As always when machine polishing, we start off with an assessment of the paint to see what it requires to get the desired result with the minimum possible paint loss... so starting with light combinations of pad and polish and then working up until the desired level of correction is achieved (while ensuring the paint removal rates remain safe).

Menzerna PO106FA Super Finish (Mezerna's best product in my humble opinion) on a Chemical Guys White Hexlogic polishing pad, applied as follows:

1) Spread the polish at 600rpm

2) Begin working the polish at 1200rpm to build a little heat in the panel and get the polish evenly spread and easy to work

3) Work at 1500 - 1800rpm until the residue goes clear, moderate pressure getting lighter as the residue begins to clear, steady machine movements from side to side - takes a good three or so minutes this stage

4) Refine at 1200rpm for a couple of passes

5) Burnish at 900rpm for a couple of slow passes, light pressure

The end results showed a great improvement to the finish colour...



















Under the Sun Gun the finish was okay but still showing some swirls...










Under the strip lights (best assessment for deeper marks, and always best to use the camera on manual focus to focus on the paint surface to really highlight these deeper marks) we still see the deeper marks...




























As the paint removal rate from this stage was very low (inside the error of the gauge), we stepped up to Menzerna PO85RD3.02 Intensive Polish. This was worked as above, ensuring the polish is fully worked through the stages over a small working area to ensure the abrasives are fully worked and broken down. As is being demonstrated, filling effects can occur in selected cases with "poor" technique, so it is crucial with 3.02 to keep your work time long and fully work the polish, and wipedown carefully (IPA on a cold panel works for me, or Panel Wipe from the bodyshop) before assessing the finish.
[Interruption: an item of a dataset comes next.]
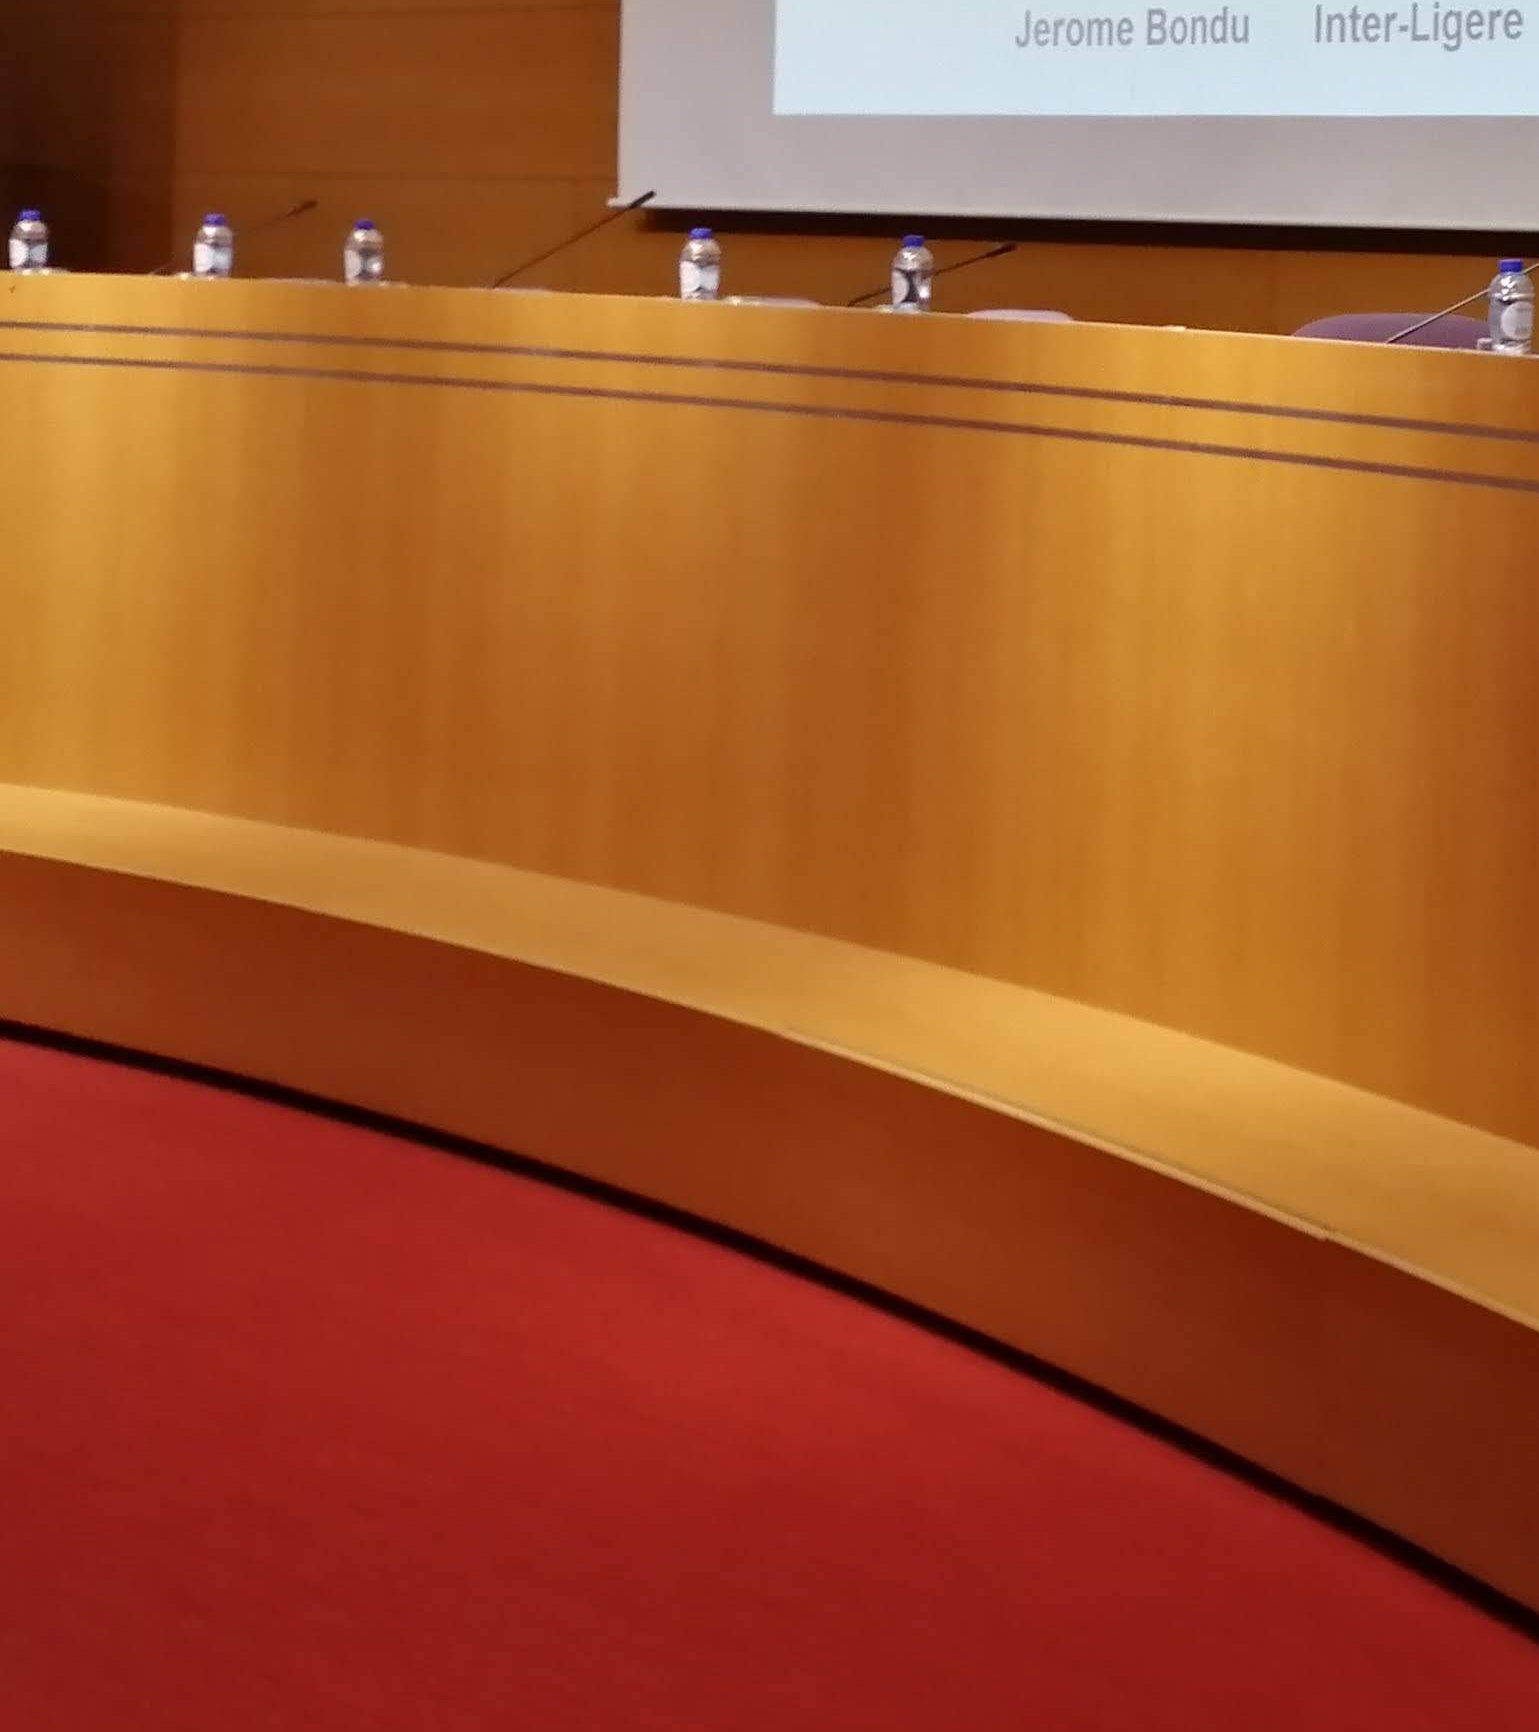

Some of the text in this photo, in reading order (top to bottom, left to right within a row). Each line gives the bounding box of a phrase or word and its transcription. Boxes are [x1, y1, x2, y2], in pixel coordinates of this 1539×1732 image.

[1015, 1, 1525, 52] Jerome Bondu Inter-Ligere
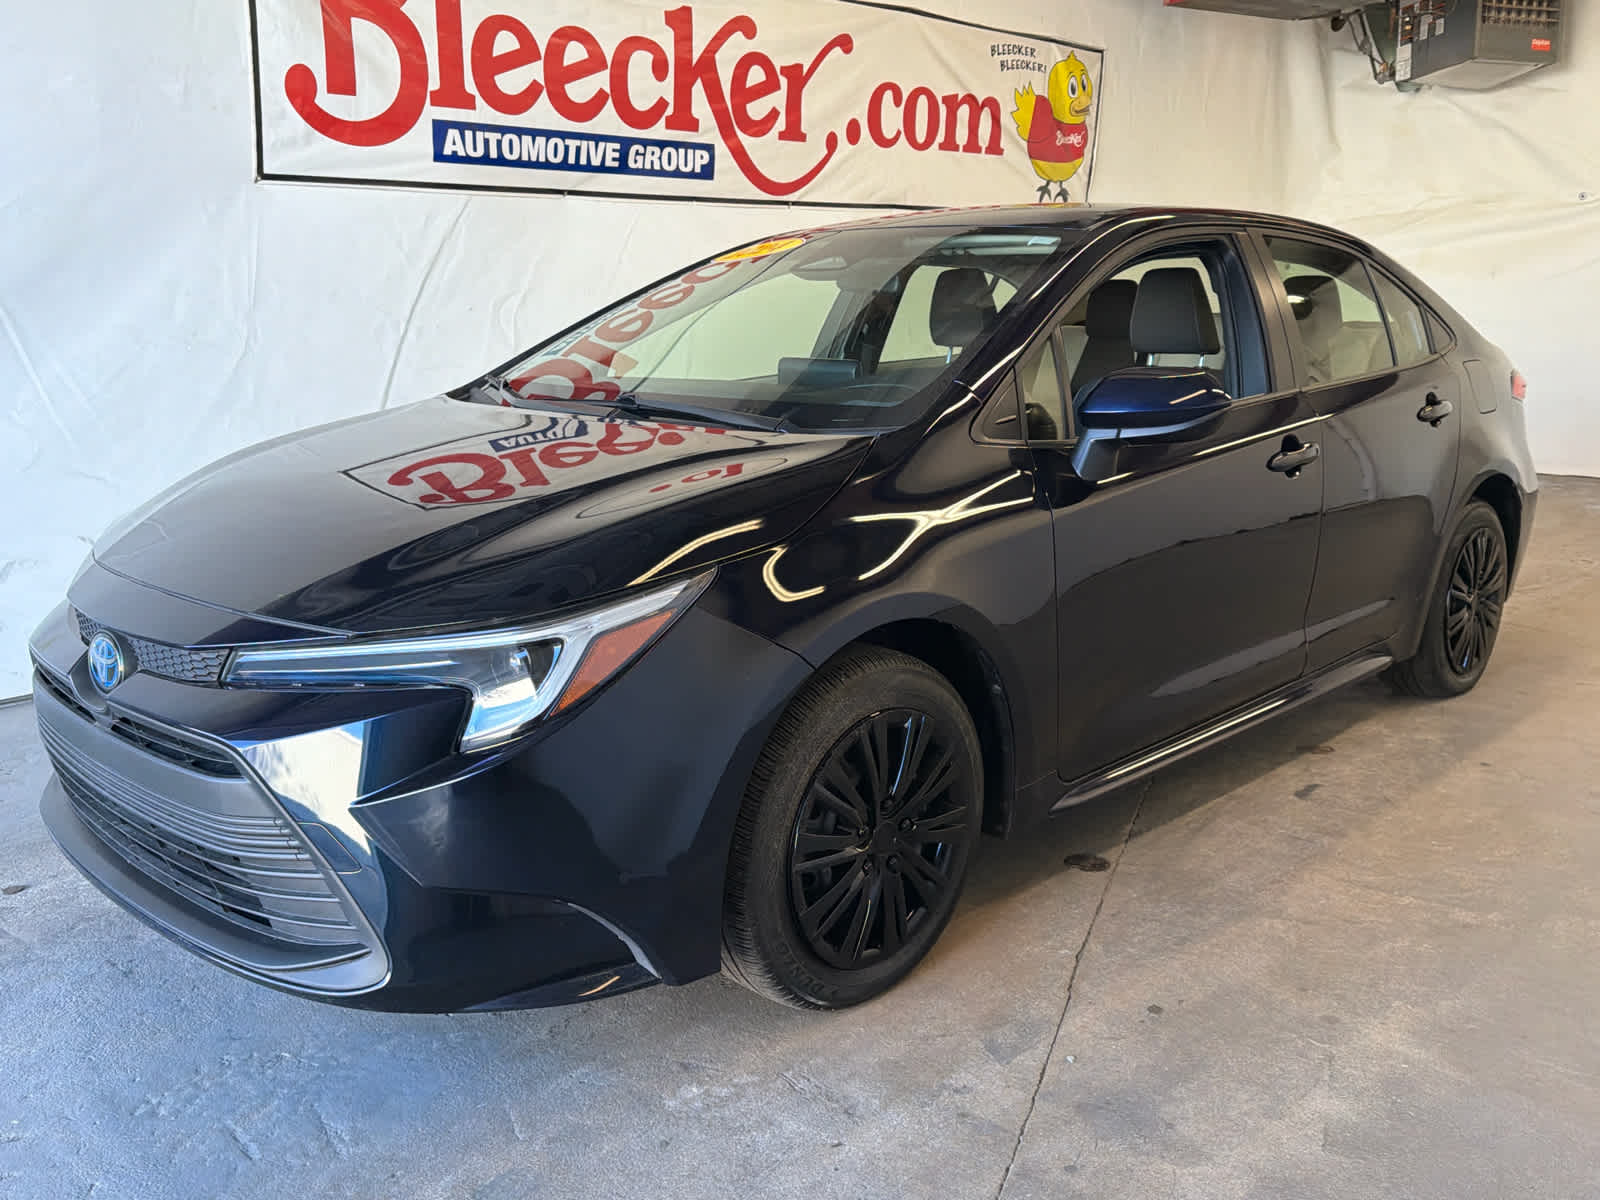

Much improved results with the more aggressive combination - deeper red showing better oxidisation removal...



















Swirl free now...



















But still remaining are these deeper RDS...



















Given the still low paint removal, the decision was made to step up to 3M Fast Cut Plus on a yellow Chemical Guys Hexlogic cutting pad to make a better stab at these deeper marks, follow with 3.02 (which has a rounded abrasive style which seems well suited to rounding and deadening very deep marks than cannot be safely removed) and then refined with PO85RD Final Finish using the Zenith Point method described above. Fast Cut was applied as follows:

1) Spread at 600rpm

2) Begin working at 1200rpm to evenly spread the compound

3) Work at 2000rpm with firm pressure.

This removed the vast majority of the deeper marks, leaving only the tails of the very deep marks behind which could not be fully removed owing to paint thickness considerations...



















After refining, the bonnet was looking far better 




























Assessed for finish quality under the 3M Sun Gun...














































On to the front wing for me, and back to the faded paint...





































Correction here, in the absence of deeper RDS, was carried out using Intensive Polish on a white polishing pad, followed by Final Finish to refine, giving...





































The driver's door and rear three quarter before...













































































































And after correction using Intensive Polish (3M FC+ used on spot locations for deeper marks), and refining with Final Finish...






















































































































Moving on to the passenger side of the car, the front wing...




























And after...





































The passenger side door and rear three quarter had been resprayed at some point, with a clearcoat, and so had not faded but you could still see significant swirling in the befores...









































































Gordon worked with Intensive Polish, Fast Cut where required and refined with Final Finish to achieve the following...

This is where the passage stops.